The main reason to use experimentation in software engineering is to enable understanding and identification of relationships between different variables. A number of preconceived ideas exist, but are they true? Does object-orientation improve reuse? Are inspections cost-effective? Should we have inspection meetings or is it sufficient to hand-in the remarks to a moderator? This type of questions can be investigated in order to improve our understanding of software engineering. Improved understanding is the basis for changing and improving the way we work, hence empirical studies in general and experimentation in particular are important.

The introduction to the area is based on the introduction of a process for experimentation. The basic steps in the process can be used for other types of empirical studies too. The focus is, however, on providing guidelines and support for performing experiments in software engineering. Furthermore, it should be noted that "true" experiments, i.e. experiments with full randomization, are difficult to perform in software engineering. Software engineering experiments are often quasiexperiments, i.e. experiment in which it, for example, has not been possible to select participants in the experiments by random. Quasi-experiments are important, and they can provide valuable results. The process presented is aimed at both "true" experiments and quasi-experiments. The latter is particularly supported by a thorough discussion of threats to experiments.

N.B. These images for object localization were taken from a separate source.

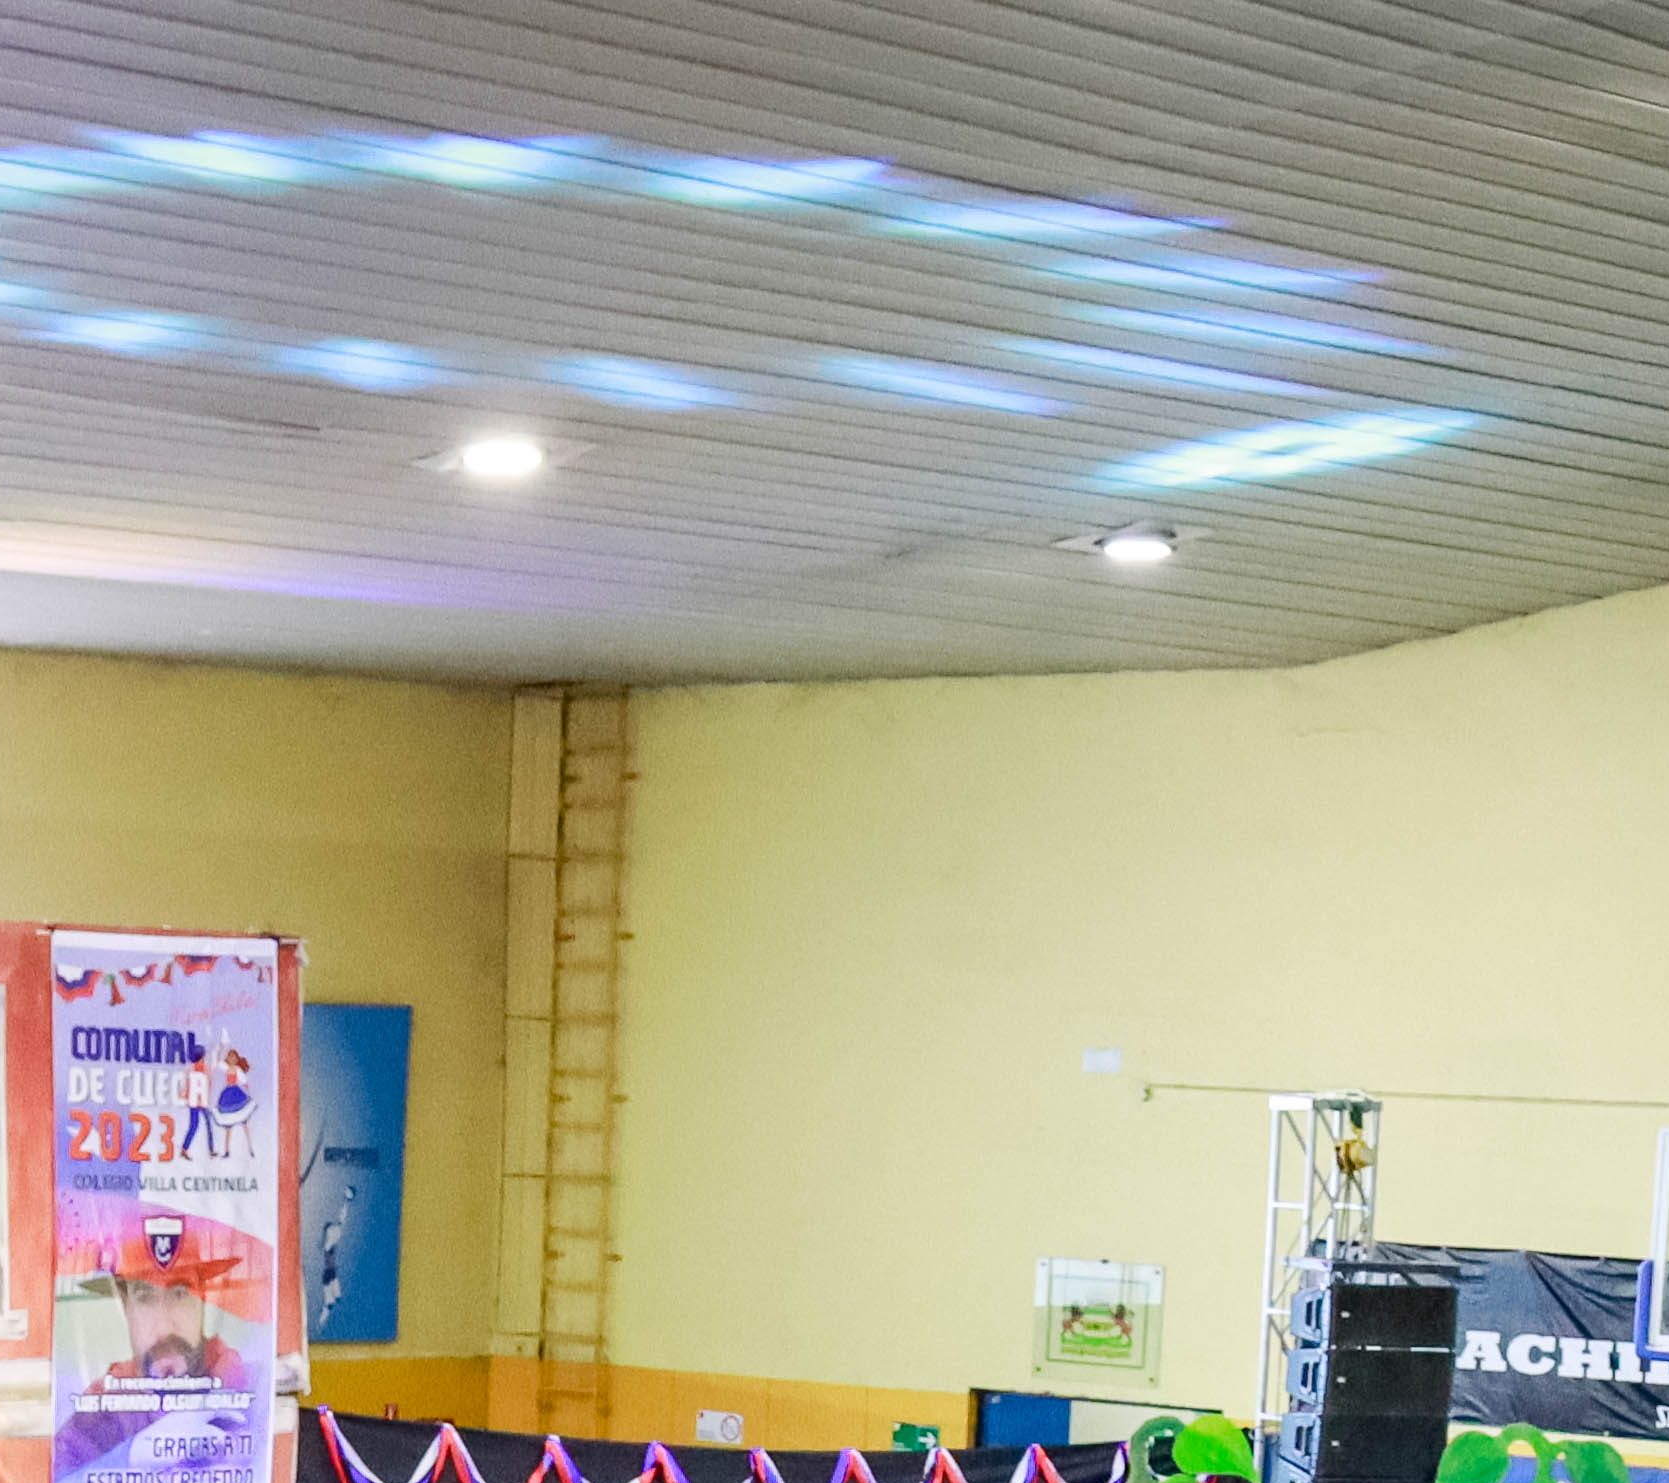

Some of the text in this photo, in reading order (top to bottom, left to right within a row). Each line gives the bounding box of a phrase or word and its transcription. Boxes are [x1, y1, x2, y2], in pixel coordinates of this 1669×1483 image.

[71, 1026, 206, 1064] COMUNAL
[67, 1067, 209, 1108] DE CUECA
[69, 1111, 175, 1162] 2023
[139, 1176, 177, 1191] VILLA
[223, 1435, 234, 1455] A

Thus, the intention of this book is to provide an introduction to empirical studies and experimentation, in order to highlight the opportunities and benefits of doing experiments in the field of software engineering. The empirical research method can, and should be used more in software engineering. The arguments against empirical studies in software engineering are refuted in [Tichy98]. Hopefully, this introduction to experimentation in software engineering facilitates the use of empirical studies and experimentation both within software engineering research and practice.